(Saved data entries)
========================================================================

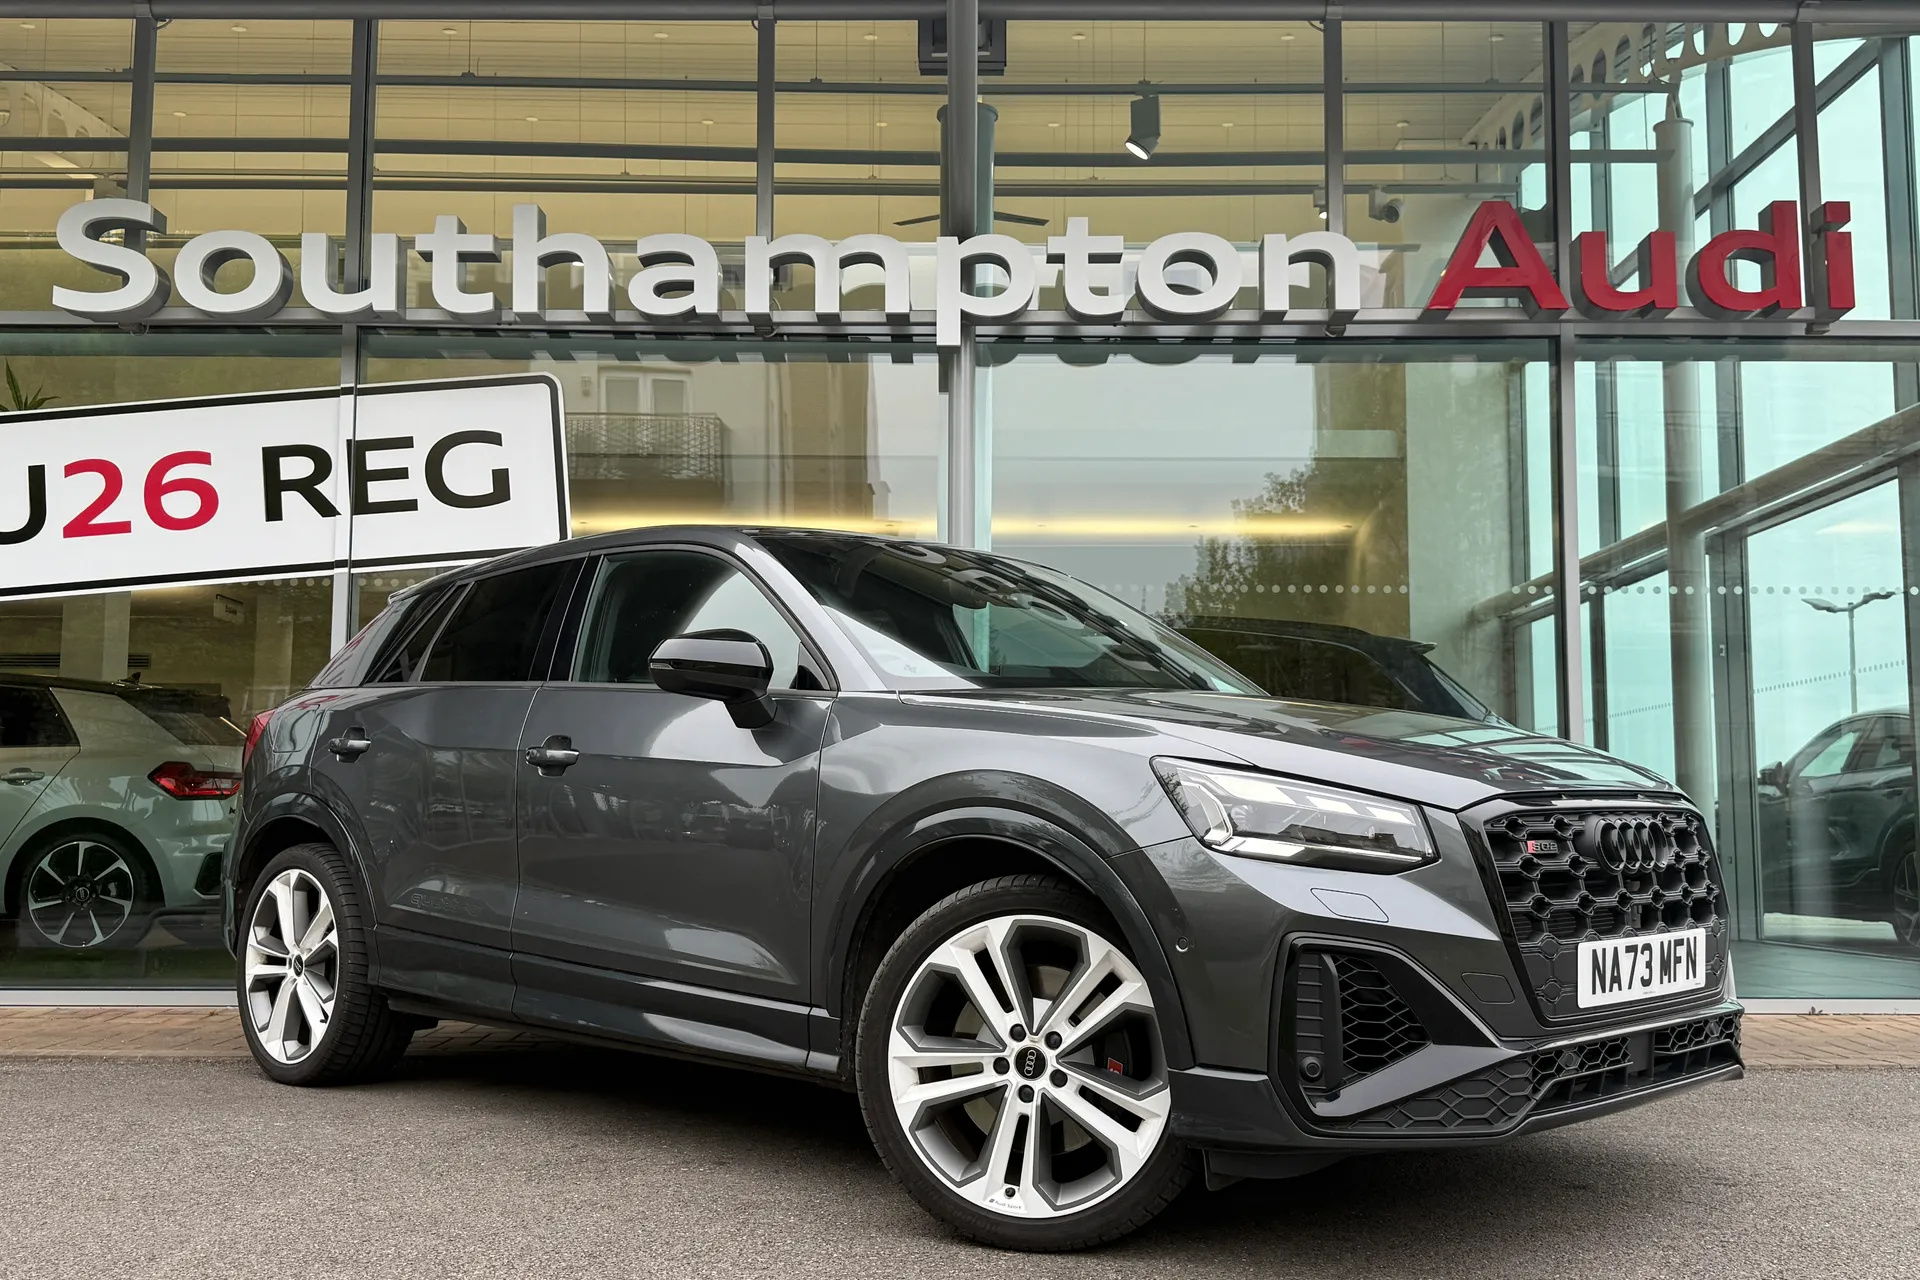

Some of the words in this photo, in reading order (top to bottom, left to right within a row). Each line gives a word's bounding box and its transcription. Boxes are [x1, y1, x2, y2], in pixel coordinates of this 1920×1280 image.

[50, 199, 1363, 348] Southampton
[1423, 200, 1858, 325] Audi
[262, 429, 512, 523] REG
[1591, 942, 1653, 995] NA73
[1659, 936, 1697, 985] MFN
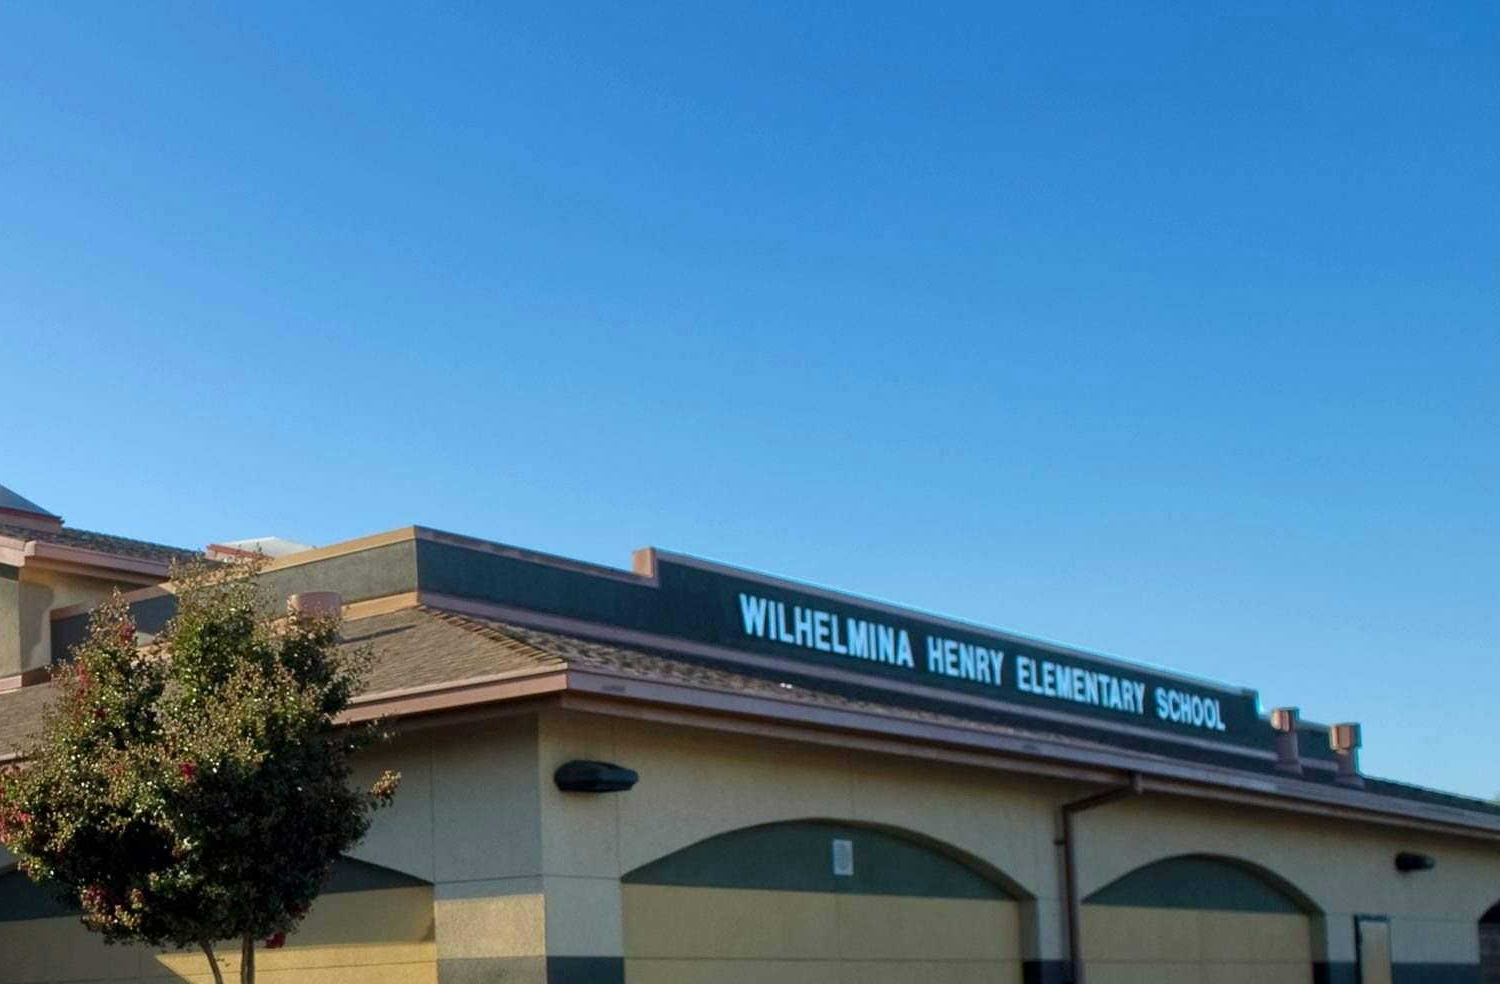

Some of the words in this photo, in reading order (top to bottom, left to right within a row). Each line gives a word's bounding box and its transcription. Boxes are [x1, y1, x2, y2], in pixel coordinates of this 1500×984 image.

[739, 593, 914, 668] WILHELMINA
[927, 635, 1004, 686] HENRY
[1016, 655, 1145, 714] ELEMENTARY
[1155, 687, 1226, 730] SCHOOL

========================================================================

• _Task item_
Return, without any change, only the lines from the one containing "this 1500×984 image." through the last line of the entries above.

• _Written response_
Some of the words in this photo, in reading order (top to bottom, left to right within a row). Each line gives a word's bounding box and its transcription. Boxes are [x1, y1, x2, y2], in pixel coordinates of this 1500×984 image.

[739, 593, 914, 668] WILHELMINA
[927, 635, 1004, 686] HENRY
[1016, 655, 1145, 714] ELEMENTARY
[1155, 687, 1226, 730] SCHOOL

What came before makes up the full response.